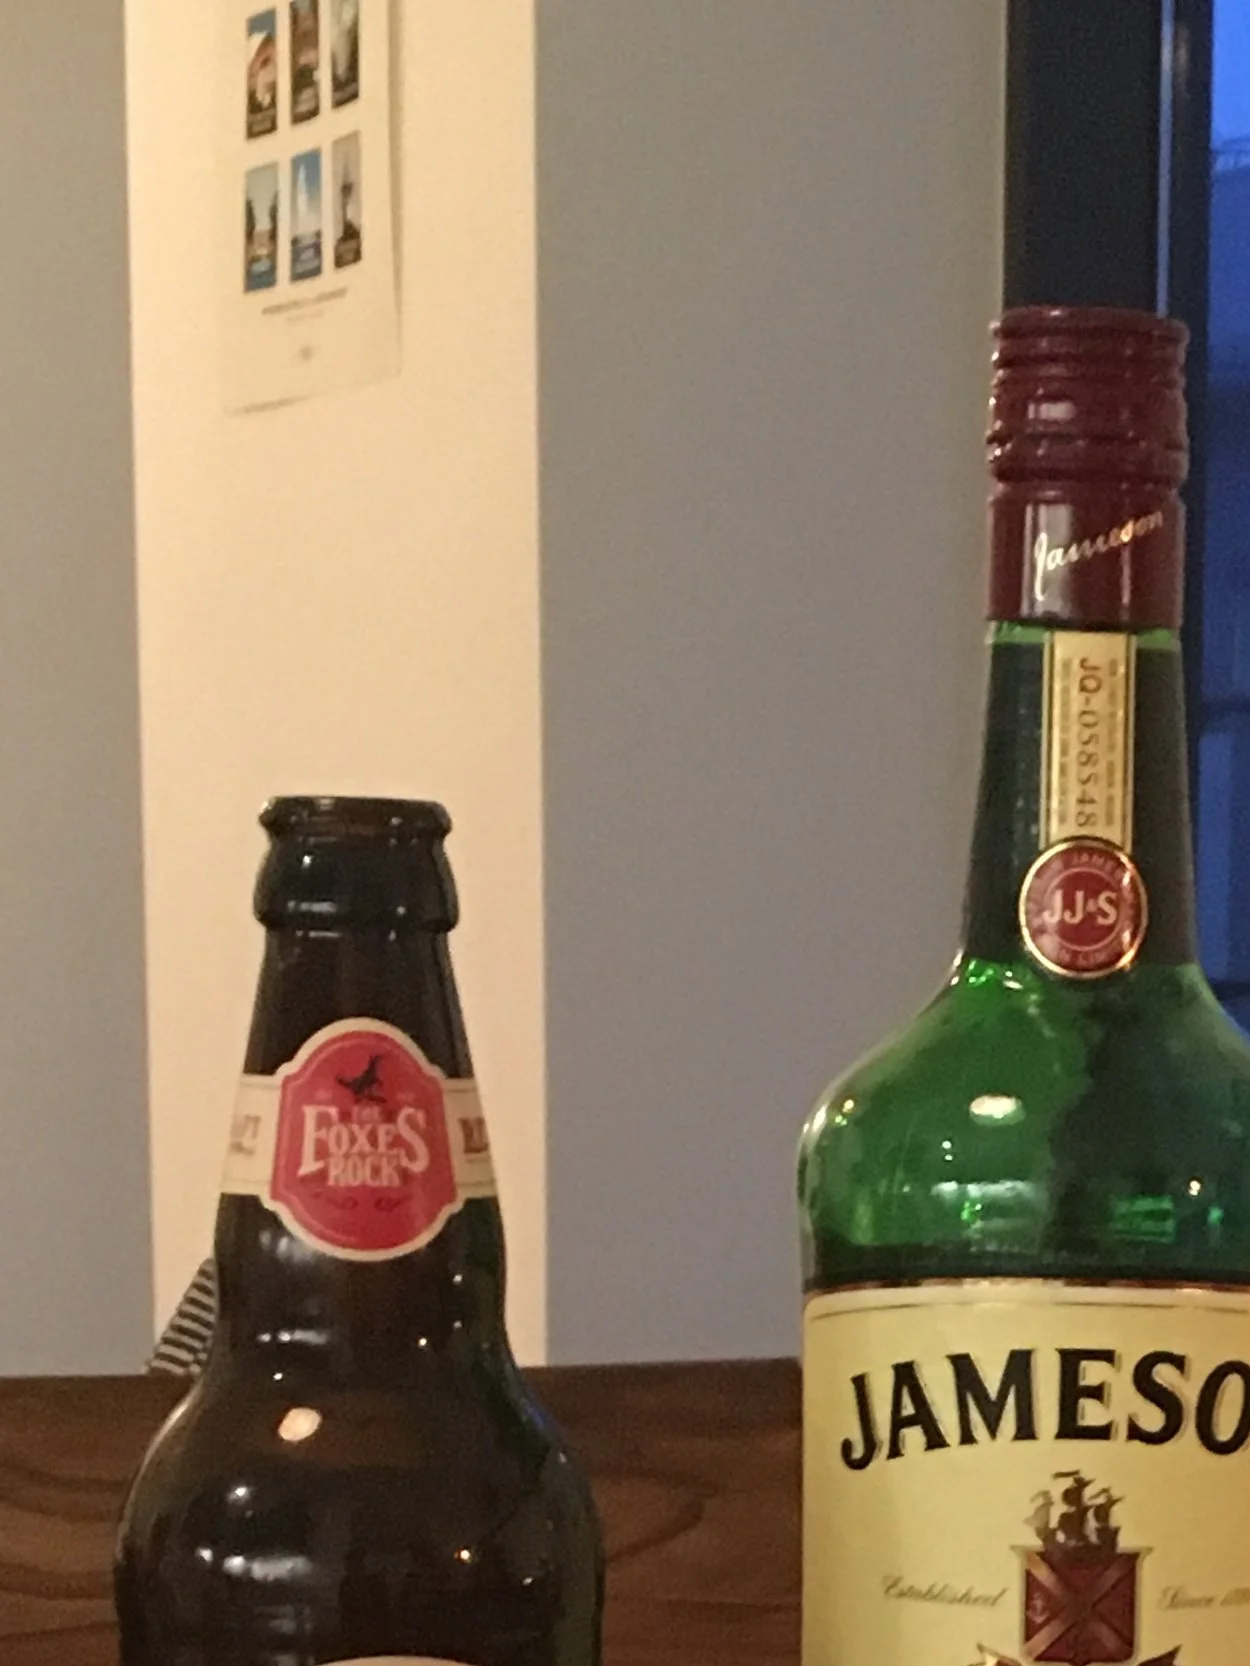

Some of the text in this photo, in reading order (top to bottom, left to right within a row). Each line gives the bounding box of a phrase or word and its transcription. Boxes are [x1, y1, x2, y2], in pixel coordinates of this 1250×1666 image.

[1033, 510, 1164, 601] Jameson
[1075, 656, 1102, 828] JQ-058548
[297, 1104, 430, 1176] FOXES
[326, 1154, 401, 1187] ROCK
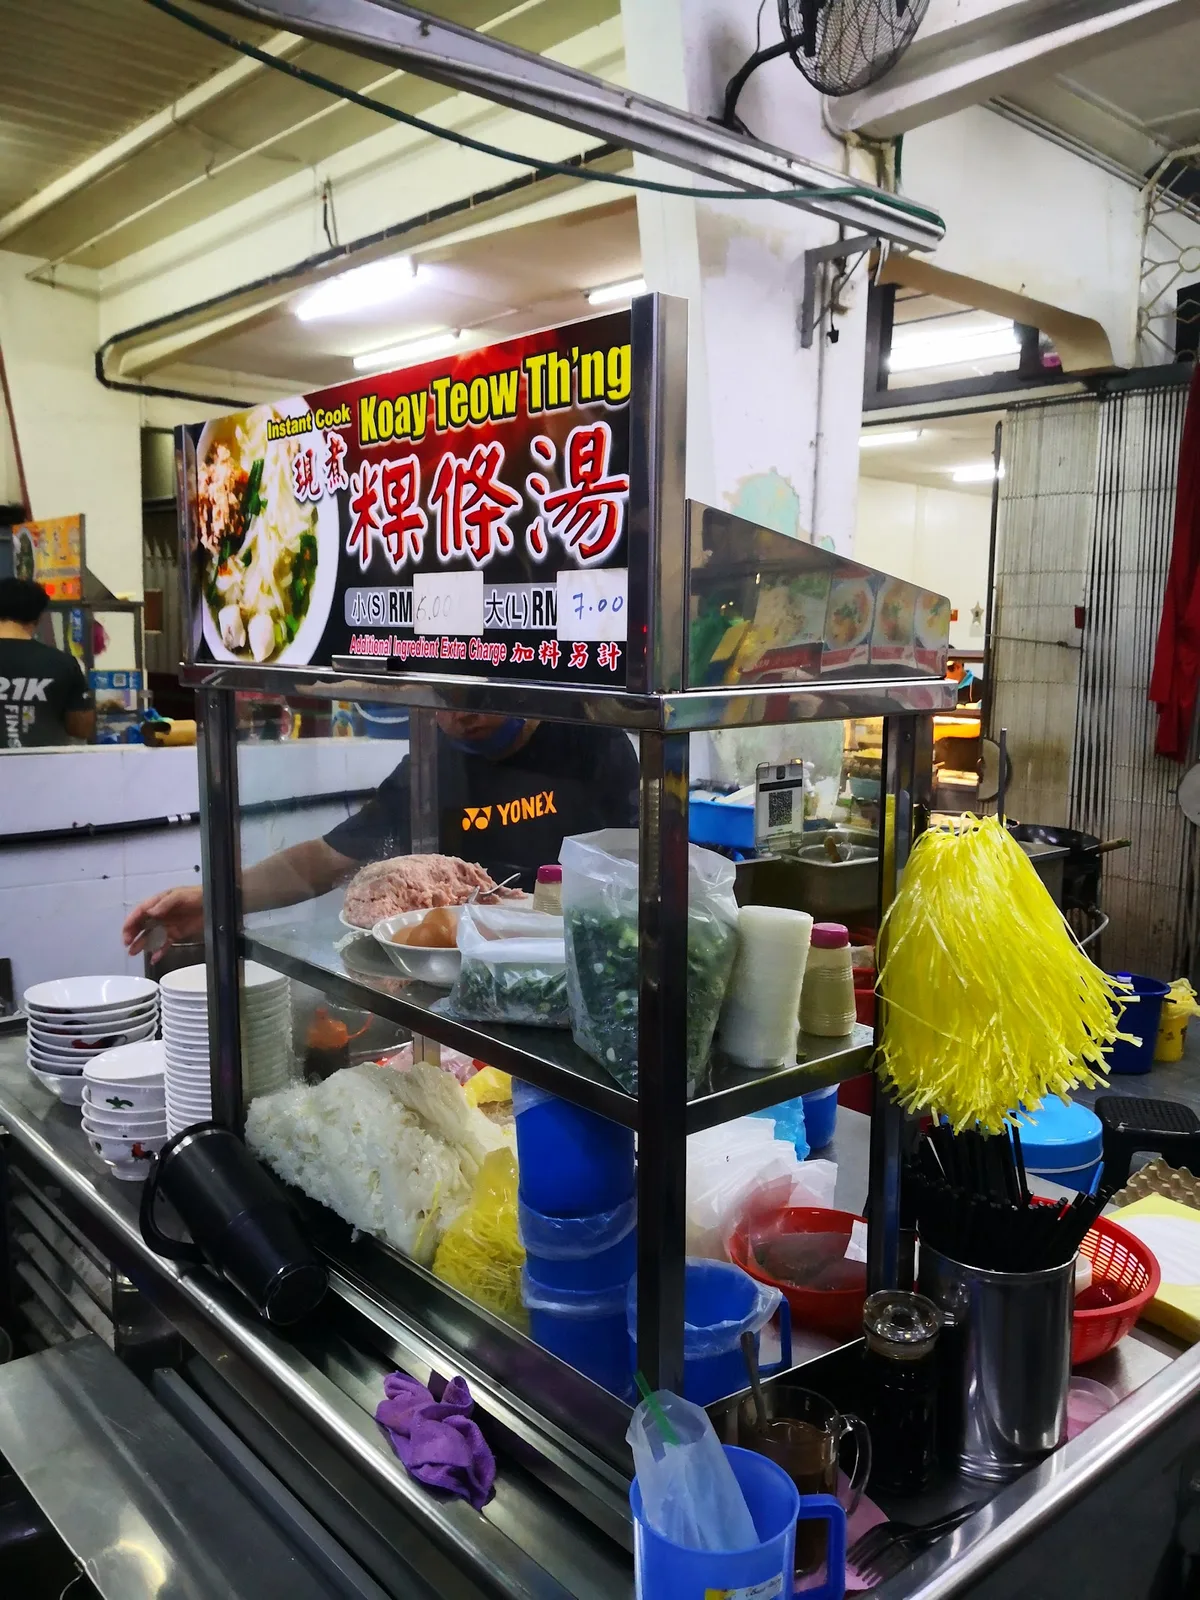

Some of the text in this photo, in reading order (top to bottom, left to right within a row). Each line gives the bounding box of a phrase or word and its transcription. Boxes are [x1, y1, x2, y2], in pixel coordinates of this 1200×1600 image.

[360, 344, 632, 443] Koay Teow Th'ng
[267, 403, 351, 440] Instant Cook
[294, 435, 347, 497] 現煮
[349, 425, 629, 565] 粿條湯
[389, 591, 413, 623] RM
[416, 595, 452, 621] 6.00
[572, 592, 624, 620] 7.00
[350, 634, 622, 670] Additional Ingredient Extra Charge 加料另計
[496, 790, 557, 826] YONEX
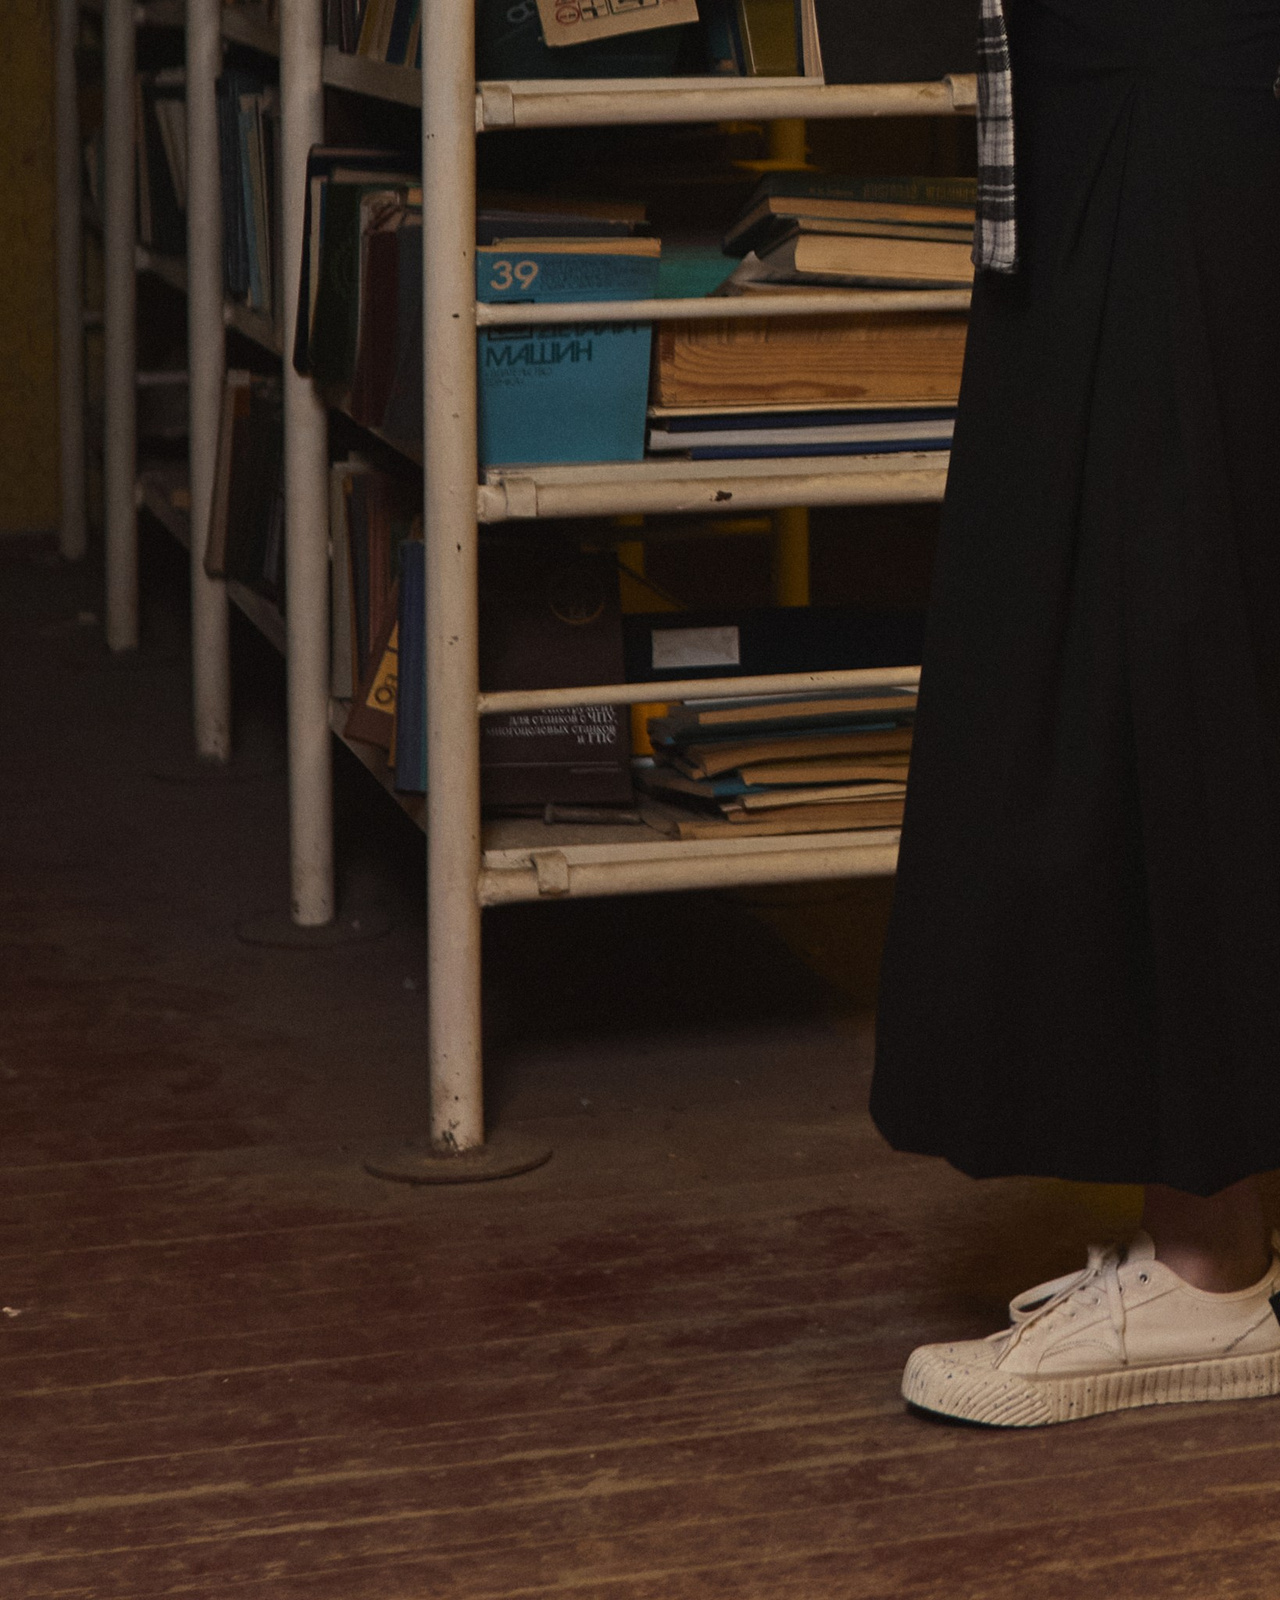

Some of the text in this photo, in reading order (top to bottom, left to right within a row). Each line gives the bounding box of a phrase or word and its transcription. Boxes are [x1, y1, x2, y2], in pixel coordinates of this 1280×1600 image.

[490, 260, 539, 291] 39
[485, 338, 593, 367] МАШИН
[532, 714, 578, 725] станков
[572, 724, 616, 735] станков
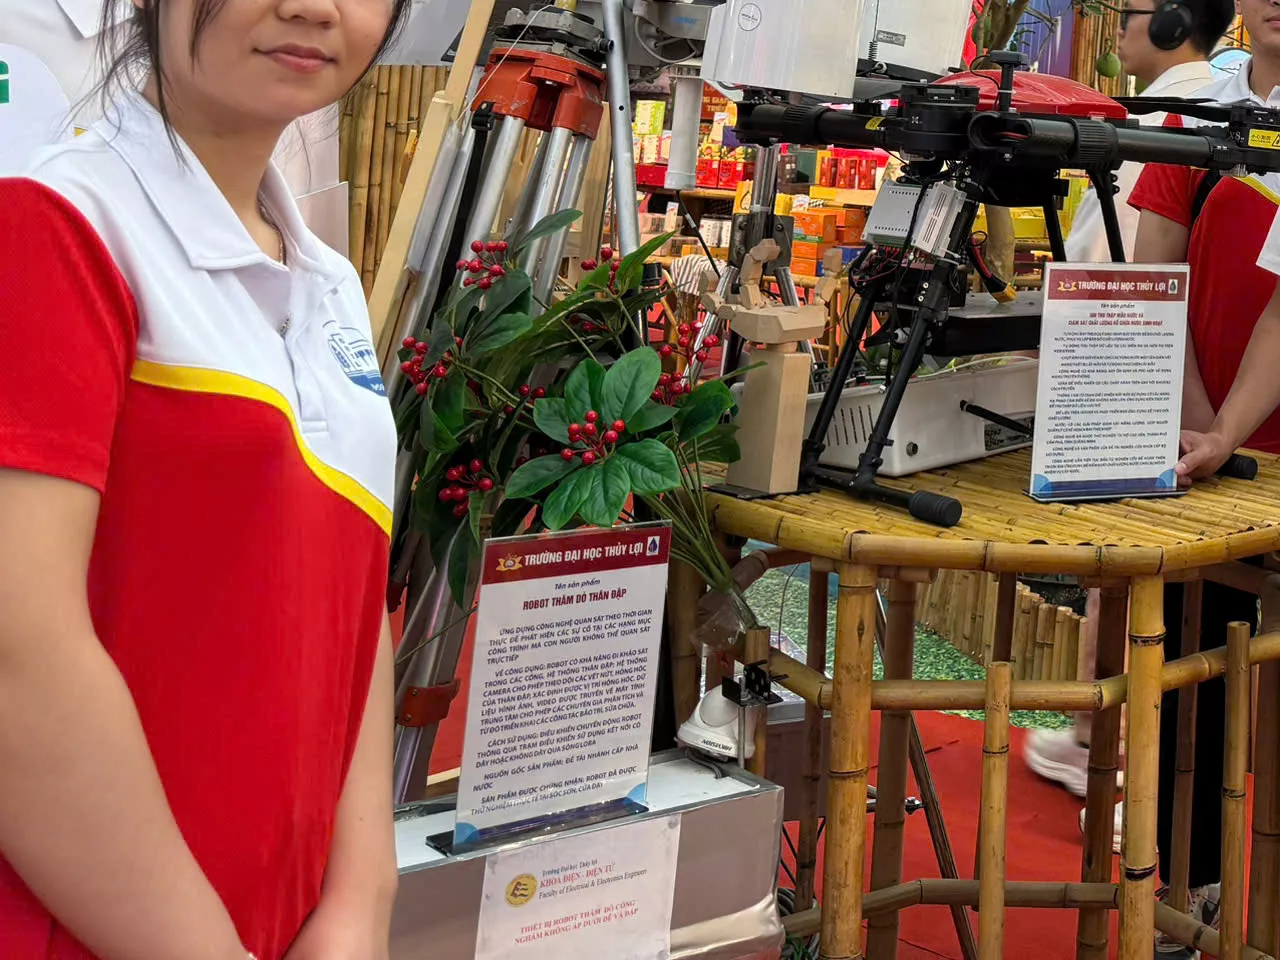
※ ※ ※
**PROBLEM TO SOLVE**
Give back only the lines from the one that carries "this 1200×1600 image." through the final line above, both included. Drop all pictures.

**OUTPUT OF THE TASK**
Some of the text in this photo, in reading order (top to bottom, left to right within a row). Each line gives the bounding box of a phrase or word and its transcription. Boxes are [x1, y1, x2, y2], in pixel coordinates of this 1200×1600 image.

[360, 344, 632, 443] Koay Teow Th'ng
[267, 403, 351, 440] Instant Cook
[294, 435, 347, 497] 現煮
[349, 425, 629, 565] 粿條湯
[389, 591, 413, 623] RM
[416, 595, 452, 621] 6.00
[572, 592, 624, 620] 7.00
[350, 634, 622, 670] Additional Ingredient Extra Charge 加料另計
[496, 790, 557, 826] YONEX

Some of the text in this photo, in reading order (top to bottom, left to right within a row). Each line gives the bounding box of a phrase or word and its transcription. Boxes are [x1, y1, x2, y2], in pixel coordinates of this 1280×1600 image.

[490, 260, 539, 291] 39
[485, 338, 593, 367] МАШИН
[532, 714, 578, 725] станков
[572, 724, 616, 735] станков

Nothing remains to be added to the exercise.